ニューキングストンにあるラスタファリのスーヴェニールと真実の食べ物=アイタルフードを扱う店で、昔ボブ・マーリィと一緒に住んでいたという真面目なラスタマンと出会った。彼は板張りの階段に腰掛けていた。
「窓を開けるとボブ・マーリィがギターを弾いていた。昔のキングストンはよかったよう。昔はあった胸にじーんとこみ上げてくる何かがもう今はないんだ。アッハッハー、懐古趣味に歳を取りすぎたかなあ」
彼は今でもトレンチタウンに住み相変わらずの貧乏暮らしのようだった。ジャマイカプライムを取りだして太巻きのジョイントを片手でイージーに巻き、火をつけると渋い顔をして笑った。彼は今日も金がなく子供と女房を抱えて困ってはいたが本物のラスタマンだったから悪いことはできずに考え込んでいた。彼は42歳だったが、「もう5年もずーっと42歳をやってるよ」と正直者だった。太巻きのジョイントを深く吸い込み「クーション・ペン、クーション・ペン」と唄った。"クーション・ペン"はガンジャのことだと言う。
「ジャマイカのブルーマウンテンコーヒーはうまいだろうよ、ラム酒もいいだろさ。オレはやらないけどな。罪なもんと思ってるからな。だけどもよ、ジャマイカの面白いとこはな、<反体制のレゲエ>と国際的に<非合法なガンジャ>が一番の観光資源でこれで食ってる国だというところなんだ。これがジャマイカの価値なのさ」
バブルガム・バブルガム・バブルガム・チューインガム、チューインガム・チューインガム・チューインガム・バブルガム.........グレゴリー・アイザックスのような顔をしてDJ スタイルでおかしな歌を唄うラスタマンのことが好きになり、妙に納得した僕は満たされてすがすがしい気分だった。

大きくてまるい月が蒼い空にクリアーに輝いていた夜の誘惑好きのジャマイカ女のことを思い出す。僕はオーチョリオスの浜辺で波の音を聴いていた。昼間の熱さが嘘のような涼しい風がときたま吹き、キングストンにはない落ち着いた夜のことだ。 曖昧な微笑を浮かべて近づいてきた女は動物的な体臭で男を誘い脂ののった若い肉体をツン!と前に突き出し腰を振って挑発してくる。通りすがりに左手の人差し指と中指で僕の右頬を撫でた。不意をつかれ驚いた僕に「どう!」と歯並びの悪い歯をキラリと光らせて笑い、<なんでも承知よ>と僕を呑み込むように覗き込み親指をしゃぶり始めた。
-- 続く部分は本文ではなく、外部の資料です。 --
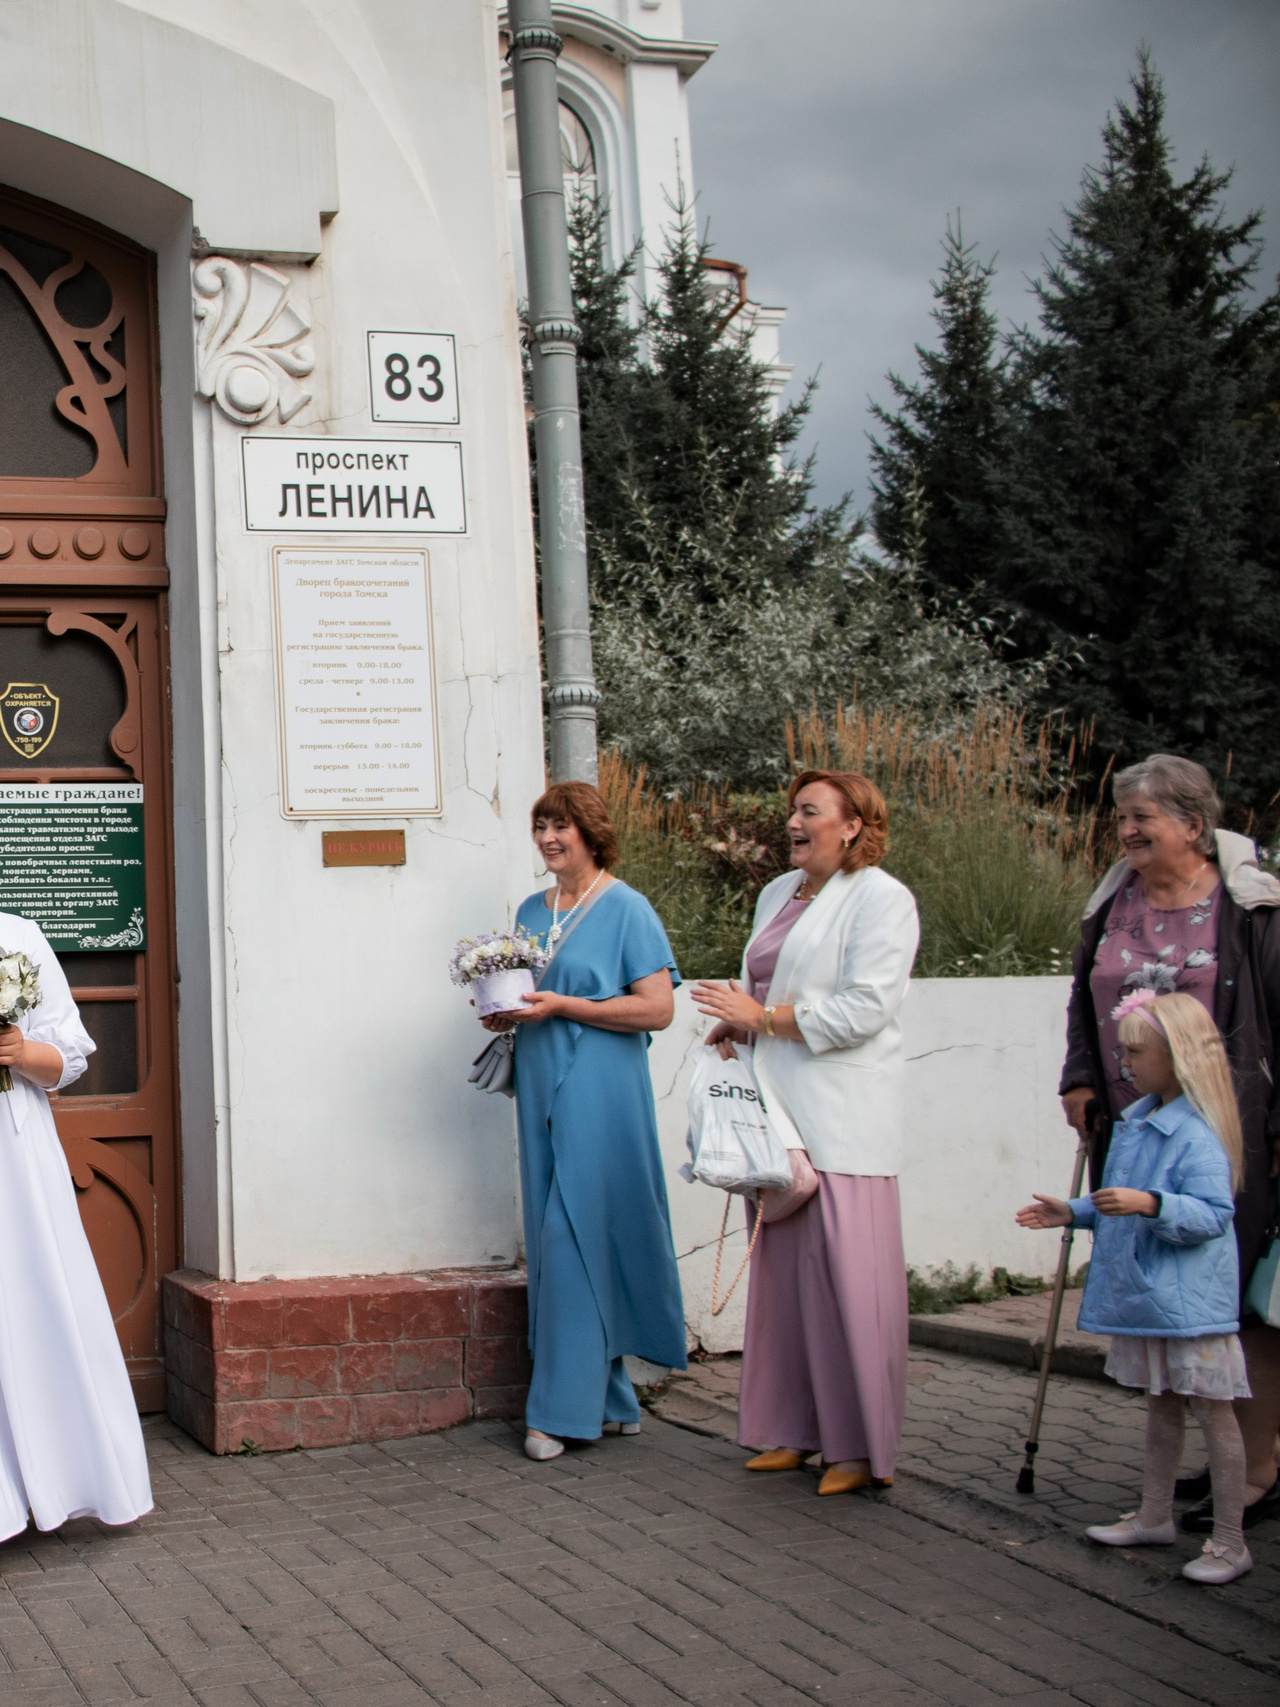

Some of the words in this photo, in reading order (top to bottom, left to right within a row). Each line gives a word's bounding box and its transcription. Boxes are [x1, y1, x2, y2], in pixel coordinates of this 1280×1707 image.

60ジャマイカンドルだった。「どこで」「ここでどう!」砂浜で締まった筋肉質の女の裸は黒真珠みたいだった。そして、それは自分が人間であることを忘れてしまいそうな野性的セックスだった。 バブルガム・バブルガム・バブルガム・チューインガム、真面目なラスタマンは今日もまた貧乏に違いない。